Segment Start: Supplied records

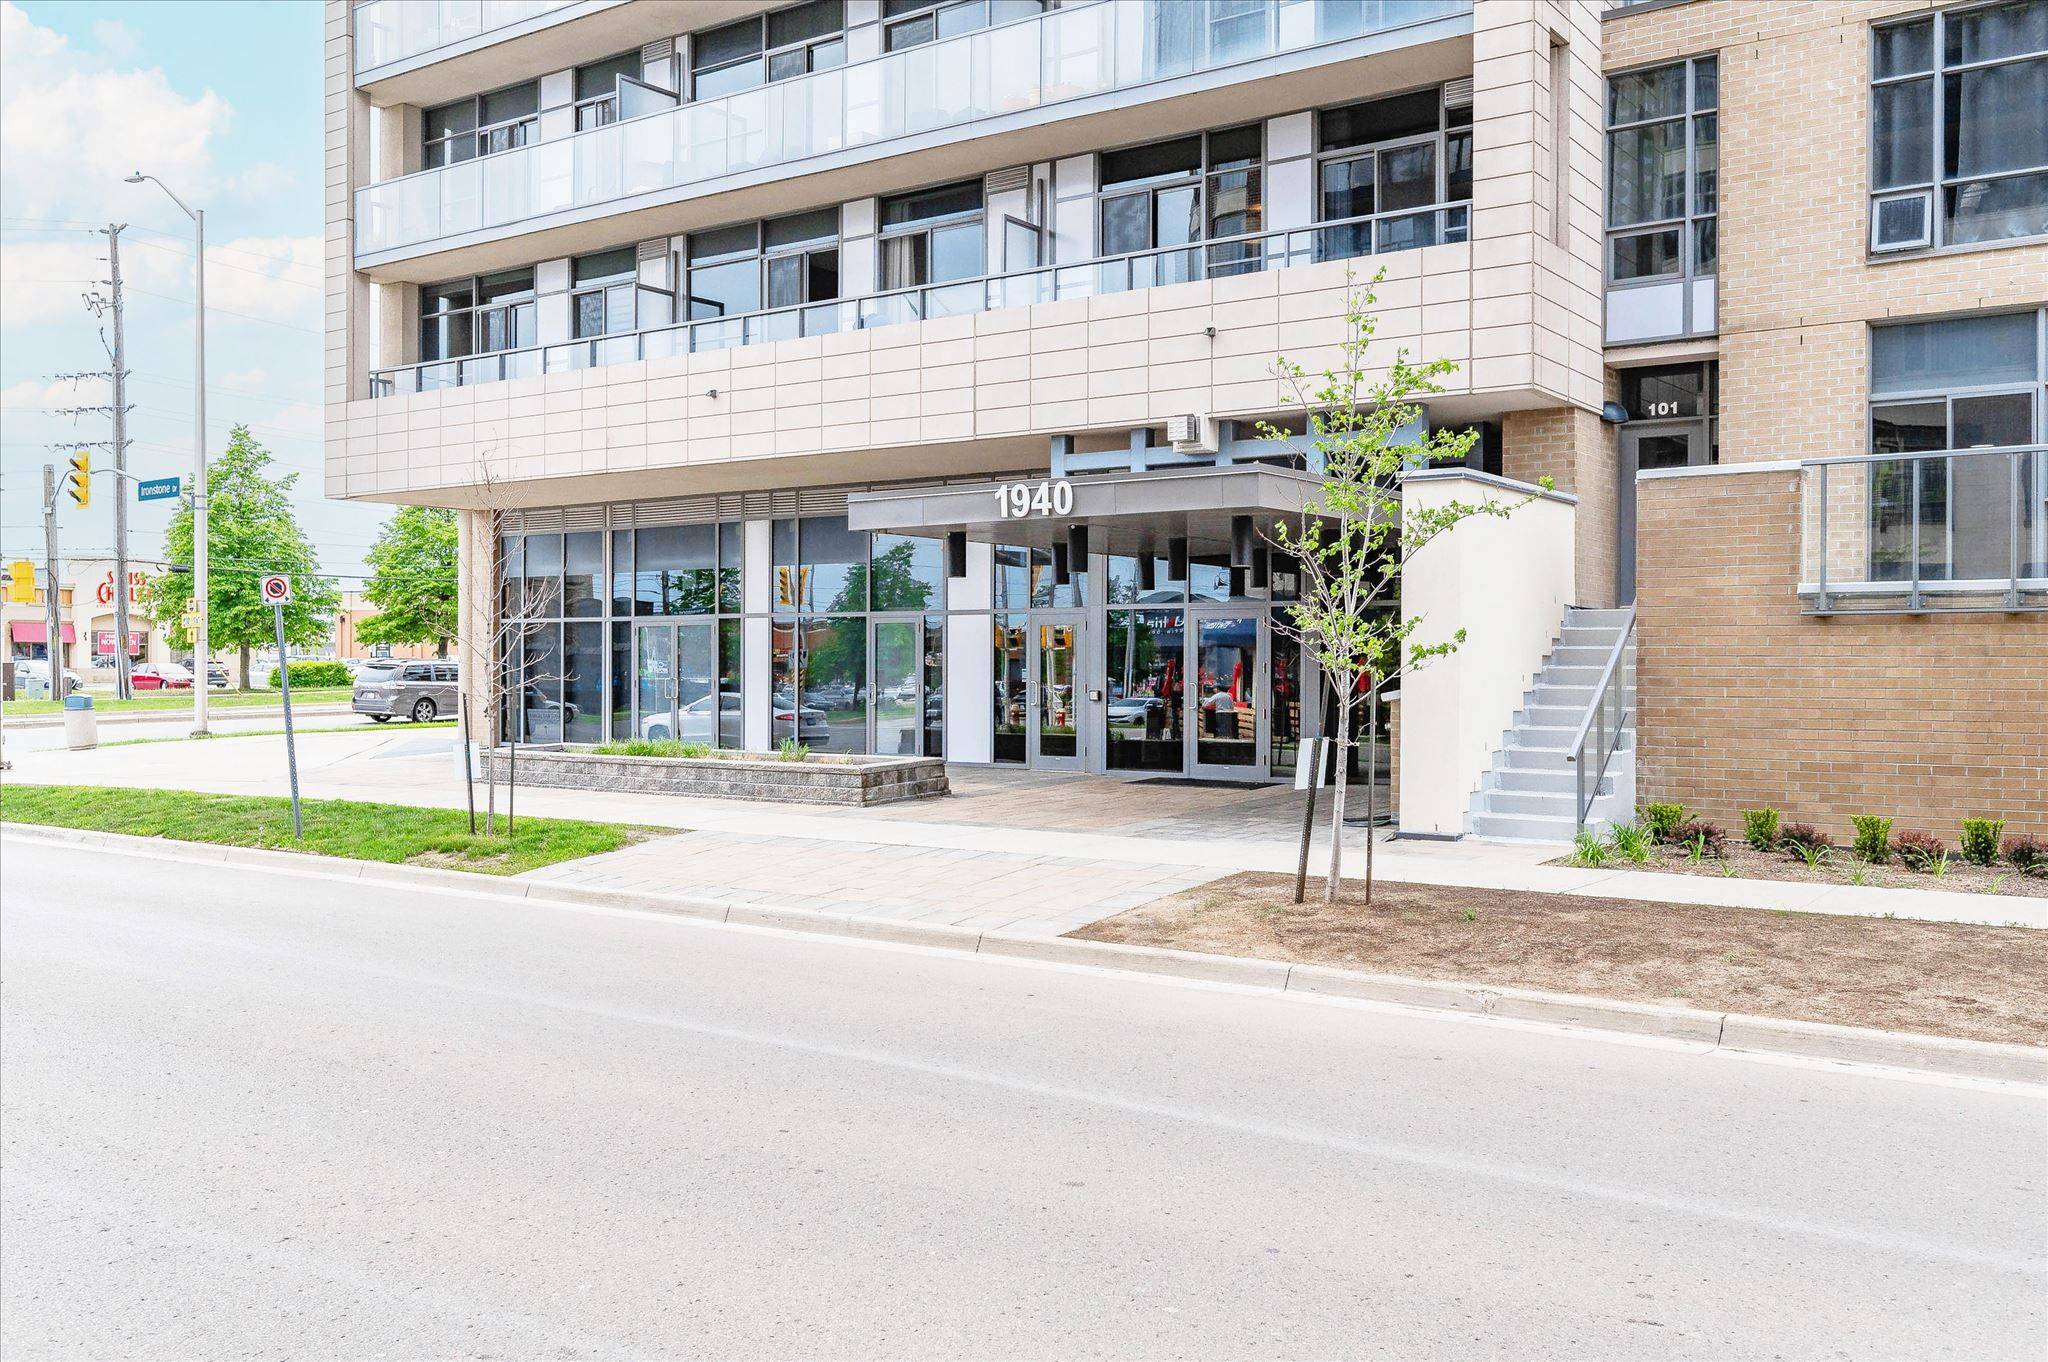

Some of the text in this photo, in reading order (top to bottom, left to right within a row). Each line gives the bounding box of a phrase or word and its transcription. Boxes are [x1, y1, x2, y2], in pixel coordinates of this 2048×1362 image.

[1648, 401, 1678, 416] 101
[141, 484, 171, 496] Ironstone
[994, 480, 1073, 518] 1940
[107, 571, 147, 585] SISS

Segment End: Supplied records

Are you able to set down all the lines above exactly, without any pictures?

Some of the text in this photo, in reading order (top to bottom, left to right within a row). Each line gives the bounding box of a phrase or word and its transcription. Boxes are [x1, y1, x2, y2], in pixel coordinates of this 2048×1362 image.

[1648, 401, 1678, 416] 101
[141, 484, 171, 496] Ironstone
[994, 480, 1073, 518] 1940
[107, 571, 147, 585] SISS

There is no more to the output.